The 20m by 15m platform hides an array of 24 pneumatic pistons, which are controlled by engineers to shake full-scale buildings in three directions, at earthquake-level intensities.
When Texas A&M University engineer Dr Maria Koliou visited in February 2019, she got to wander around these fully furnished, wood-framed houses and then watched as her Japanese colleagues ran their shake programmes – one of which simulated the 6.9 magnitude Kobe earthquake that destroyed 150,000 buildings in 1995.
“It was pretty impressive,” says Koliou. “I hadn’t seen a full-scale test before.”
The right-hand building was even grounded in soil with pipes running through it, to get closer to real-life conditions.
The Japanese scientists surveyed the structural damage caused to the houses, with the aim of learning how building companies can better protect people’s homes during earthquakes.

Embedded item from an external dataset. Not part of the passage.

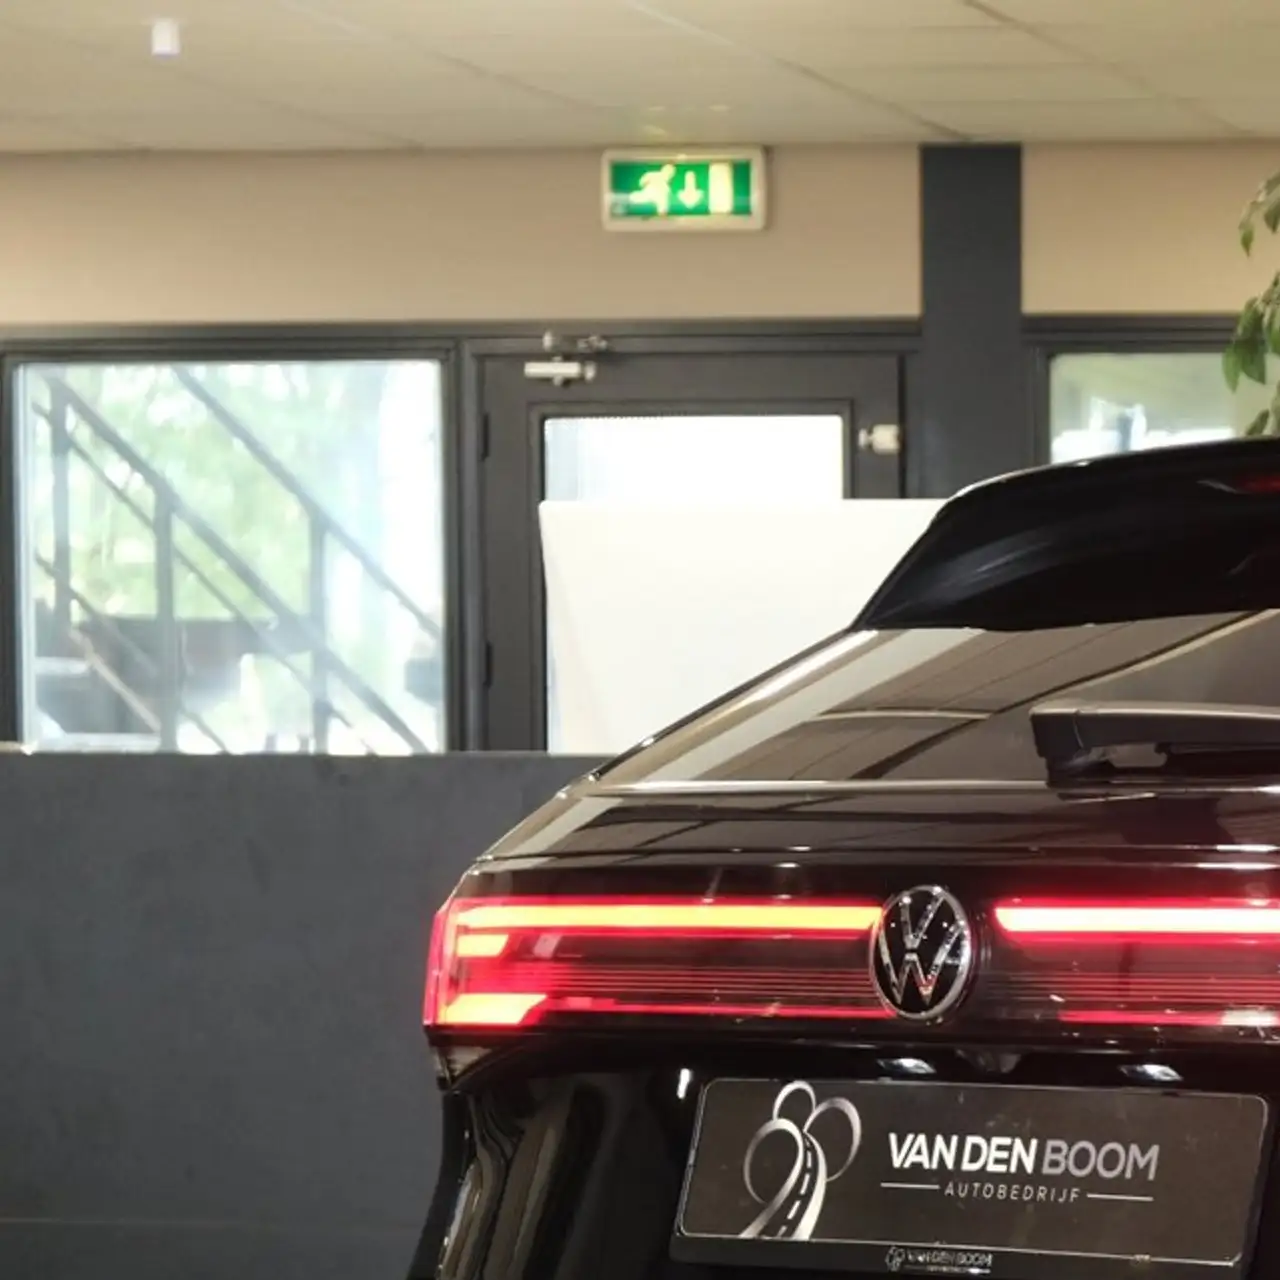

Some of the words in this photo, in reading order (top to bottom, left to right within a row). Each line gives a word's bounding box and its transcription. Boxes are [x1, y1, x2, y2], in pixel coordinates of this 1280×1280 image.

[888, 1132, 959, 1170] VAN
[960, 1135, 1038, 1175] DEN
[1041, 1139, 1160, 1181] BOOM
[943, 1181, 1081, 1203] AUTOBEDRIJF

Hurricanes – Wall of Wind, Florida
Such a big fan © Florida International University
Together, the motors behind these massive fans provide the power of more than eight Mercedes Formula 1 racing cars at top speed. They’re also capable of simulating hurricane winds strong enough to rival Katrina, the storm that devastated the city of New Orleans in 2005.

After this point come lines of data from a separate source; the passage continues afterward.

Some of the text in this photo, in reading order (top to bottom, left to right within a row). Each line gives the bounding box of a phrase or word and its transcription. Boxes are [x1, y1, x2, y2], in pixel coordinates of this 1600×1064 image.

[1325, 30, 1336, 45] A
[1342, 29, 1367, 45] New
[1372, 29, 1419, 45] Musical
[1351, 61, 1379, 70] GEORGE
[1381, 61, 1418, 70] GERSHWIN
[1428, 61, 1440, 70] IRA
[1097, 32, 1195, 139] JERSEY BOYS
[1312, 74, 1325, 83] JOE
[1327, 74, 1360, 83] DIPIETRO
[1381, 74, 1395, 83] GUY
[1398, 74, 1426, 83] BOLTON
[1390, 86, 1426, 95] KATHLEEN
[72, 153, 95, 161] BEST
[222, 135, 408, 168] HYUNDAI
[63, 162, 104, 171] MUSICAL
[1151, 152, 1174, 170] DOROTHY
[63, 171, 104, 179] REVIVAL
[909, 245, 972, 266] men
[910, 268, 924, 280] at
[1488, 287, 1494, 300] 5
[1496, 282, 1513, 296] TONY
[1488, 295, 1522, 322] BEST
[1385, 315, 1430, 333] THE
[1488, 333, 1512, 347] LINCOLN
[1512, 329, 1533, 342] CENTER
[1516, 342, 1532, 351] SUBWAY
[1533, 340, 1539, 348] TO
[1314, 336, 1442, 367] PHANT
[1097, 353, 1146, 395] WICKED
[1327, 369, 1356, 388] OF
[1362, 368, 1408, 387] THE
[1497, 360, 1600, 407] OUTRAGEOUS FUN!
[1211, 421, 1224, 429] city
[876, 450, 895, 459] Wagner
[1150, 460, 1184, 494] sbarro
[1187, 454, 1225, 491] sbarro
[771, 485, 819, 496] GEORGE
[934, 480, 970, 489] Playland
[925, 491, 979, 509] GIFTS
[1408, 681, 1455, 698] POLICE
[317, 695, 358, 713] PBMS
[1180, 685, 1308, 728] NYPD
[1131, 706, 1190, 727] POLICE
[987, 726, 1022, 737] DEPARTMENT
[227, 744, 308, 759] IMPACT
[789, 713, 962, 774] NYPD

Researchers at Florida International University use the Wall of Wind facility to test building materials and outdoor structures like solar panels that need to withstand strong winds.
The fans are independently controlled and can rotate 1,800 times per minute, generating winds of up to 253km/h (equivalent to the most destructive type of hurricane – ‘Category 5’).
Test structures are placed on a turntable in front of the fans, before researchers beat a hasty retreat to view the action on-screen from the control area.
Among other things, experiments have tested scaled-down bridge sections (to help with the hurricane-proofing of bridges), and the wind required to lift metal roofs off buildings.
Wildfires – Wildfire simulator, South Carolina
Burning up © Insurance Institute for Business and Home Safety
Wildfire spreads like… well, wildfire, in this specially designed wind tunnel in Chester County, South Carolina.
This is part of a six-storey research facility belonging to the Insurance Institute for Business and Home Safety (IBHS).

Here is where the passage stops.